*Recorded data:*
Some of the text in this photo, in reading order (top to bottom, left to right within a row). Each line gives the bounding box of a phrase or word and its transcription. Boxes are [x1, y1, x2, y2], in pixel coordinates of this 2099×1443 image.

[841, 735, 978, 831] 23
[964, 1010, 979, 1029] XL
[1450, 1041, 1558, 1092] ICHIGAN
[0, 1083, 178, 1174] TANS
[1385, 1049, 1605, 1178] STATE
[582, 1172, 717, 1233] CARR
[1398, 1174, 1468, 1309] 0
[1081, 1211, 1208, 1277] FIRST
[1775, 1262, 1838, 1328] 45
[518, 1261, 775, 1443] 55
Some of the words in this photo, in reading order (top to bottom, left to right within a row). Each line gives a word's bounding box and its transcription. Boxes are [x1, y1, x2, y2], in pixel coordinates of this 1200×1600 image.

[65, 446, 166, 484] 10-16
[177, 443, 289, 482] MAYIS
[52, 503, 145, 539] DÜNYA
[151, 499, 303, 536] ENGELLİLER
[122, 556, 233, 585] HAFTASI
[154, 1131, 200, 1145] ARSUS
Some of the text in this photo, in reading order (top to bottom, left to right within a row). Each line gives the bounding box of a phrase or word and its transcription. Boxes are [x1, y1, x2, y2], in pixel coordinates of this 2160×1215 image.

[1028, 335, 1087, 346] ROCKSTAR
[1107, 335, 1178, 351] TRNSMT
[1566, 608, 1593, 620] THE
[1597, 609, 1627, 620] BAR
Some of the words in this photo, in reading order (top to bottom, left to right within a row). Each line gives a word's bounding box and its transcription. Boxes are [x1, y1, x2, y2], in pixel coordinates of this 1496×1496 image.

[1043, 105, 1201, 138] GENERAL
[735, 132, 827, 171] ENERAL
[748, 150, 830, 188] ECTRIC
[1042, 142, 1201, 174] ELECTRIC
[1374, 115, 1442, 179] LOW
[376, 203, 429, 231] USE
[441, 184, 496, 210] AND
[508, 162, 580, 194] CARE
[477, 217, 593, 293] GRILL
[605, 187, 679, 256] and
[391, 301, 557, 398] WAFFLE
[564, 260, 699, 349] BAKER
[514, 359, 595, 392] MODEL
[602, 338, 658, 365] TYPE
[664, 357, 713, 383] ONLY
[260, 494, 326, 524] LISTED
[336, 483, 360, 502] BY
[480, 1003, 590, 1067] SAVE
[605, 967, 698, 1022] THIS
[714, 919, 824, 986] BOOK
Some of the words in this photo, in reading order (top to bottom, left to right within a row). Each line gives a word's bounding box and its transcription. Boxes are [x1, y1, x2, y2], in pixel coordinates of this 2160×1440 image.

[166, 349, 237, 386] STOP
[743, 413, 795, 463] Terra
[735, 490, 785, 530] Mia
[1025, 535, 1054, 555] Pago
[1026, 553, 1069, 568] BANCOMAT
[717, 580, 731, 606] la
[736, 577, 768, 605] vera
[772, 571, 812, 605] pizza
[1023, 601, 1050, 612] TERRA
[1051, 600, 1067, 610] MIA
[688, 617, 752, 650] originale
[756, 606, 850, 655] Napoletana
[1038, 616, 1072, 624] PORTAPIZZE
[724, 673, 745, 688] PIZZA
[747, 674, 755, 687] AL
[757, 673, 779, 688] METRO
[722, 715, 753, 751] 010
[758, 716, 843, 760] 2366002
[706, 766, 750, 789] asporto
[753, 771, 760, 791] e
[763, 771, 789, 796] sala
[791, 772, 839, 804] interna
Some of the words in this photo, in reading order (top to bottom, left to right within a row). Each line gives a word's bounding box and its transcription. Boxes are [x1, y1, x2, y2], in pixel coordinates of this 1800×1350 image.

*Problem to solve:*
The records above should be transcribed in full, with no differences.

*Solution to this exercise:*
Some of the text in this photo, in reading order (top to bottom, left to right within a row). Each line gives the bounding box of a phrase or word and its transcription. Boxes are [x1, y1, x2, y2], in pixel coordinates of this 2099×1443 image.

[841, 735, 978, 831] 23
[964, 1010, 979, 1029] XL
[1450, 1041, 1558, 1092] ICHIGAN
[0, 1083, 178, 1174] TANS
[1385, 1049, 1605, 1178] STATE
[582, 1172, 717, 1233] CARR
[1398, 1174, 1468, 1309] 0
[1081, 1211, 1208, 1277] FIRST
[1775, 1262, 1838, 1328] 45
[518, 1261, 775, 1443] 55
Some of the words in this photo, in reading order (top to bottom, left to right within a row). Each line gives a word's bounding box and its transcription. Boxes are [x1, y1, x2, y2], in pixel coordinates of this 1200×1600 image.

[65, 446, 166, 484] 10-16
[177, 443, 289, 482] MAYIS
[52, 503, 145, 539] DÜNYA
[151, 499, 303, 536] ENGELLİLER
[122, 556, 233, 585] HAFTASI
[154, 1131, 200, 1145] ARSUS
Some of the text in this photo, in reading order (top to bottom, left to right within a row). Each line gives the bounding box of a phrase or word and its transcription. Boxes are [x1, y1, x2, y2], in pixel coordinates of this 2160×1215 image.

[1028, 335, 1087, 346] ROCKSTAR
[1107, 335, 1178, 351] TRNSMT
[1566, 608, 1593, 620] THE
[1597, 609, 1627, 620] BAR
Some of the words in this photo, in reading order (top to bottom, left to right within a row). Each line gives a word's bounding box and its transcription. Boxes are [x1, y1, x2, y2], in pixel coordinates of this 1496×1496 image.

[1043, 105, 1201, 138] GENERAL
[735, 132, 827, 171] ENERAL
[748, 150, 830, 188] ECTRIC
[1042, 142, 1201, 174] ELECTRIC
[1374, 115, 1442, 179] LOW
[376, 203, 429, 231] USE
[441, 184, 496, 210] AND
[508, 162, 580, 194] CARE
[477, 217, 593, 293] GRILL
[605, 187, 679, 256] and
[391, 301, 557, 398] WAFFLE
[564, 260, 699, 349] BAKER
[514, 359, 595, 392] MODEL
[602, 338, 658, 365] TYPE
[664, 357, 713, 383] ONLY
[260, 494, 326, 524] LISTED
[336, 483, 360, 502] BY
[480, 1003, 590, 1067] SAVE
[605, 967, 698, 1022] THIS
[714, 919, 824, 986] BOOK
Some of the words in this photo, in reading order (top to bottom, left to right within a row). Each line gives a word's bounding box and its transcription. Boxes are [x1, y1, x2, y2], in pixel coordinates of this 2160×1440 image.

[166, 349, 237, 386] STOP
[743, 413, 795, 463] Terra
[735, 490, 785, 530] Mia
[1025, 535, 1054, 555] Pago
[1026, 553, 1069, 568] BANCOMAT
[717, 580, 731, 606] la
[736, 577, 768, 605] vera
[772, 571, 812, 605] pizza
[1023, 601, 1050, 612] TERRA
[1051, 600, 1067, 610] MIA
[688, 617, 752, 650] originale
[756, 606, 850, 655] Napoletana
[1038, 616, 1072, 624] PORTAPIZZE
[724, 673, 745, 688] PIZZA
[747, 674, 755, 687] AL
[757, 673, 779, 688] METRO
[722, 715, 753, 751] 010
[758, 716, 843, 760] 2366002
[706, 766, 750, 789] asporto
[753, 771, 760, 791] e
[763, 771, 789, 796] sala
[791, 772, 839, 804] interna
Some of the words in this photo, in reading order (top to bottom, left to right within a row). Each line gives a word's bounding box and its transcription. Boxes are [x1, y1, x2, y2], in pixel coordinates of this 1800×1350 image.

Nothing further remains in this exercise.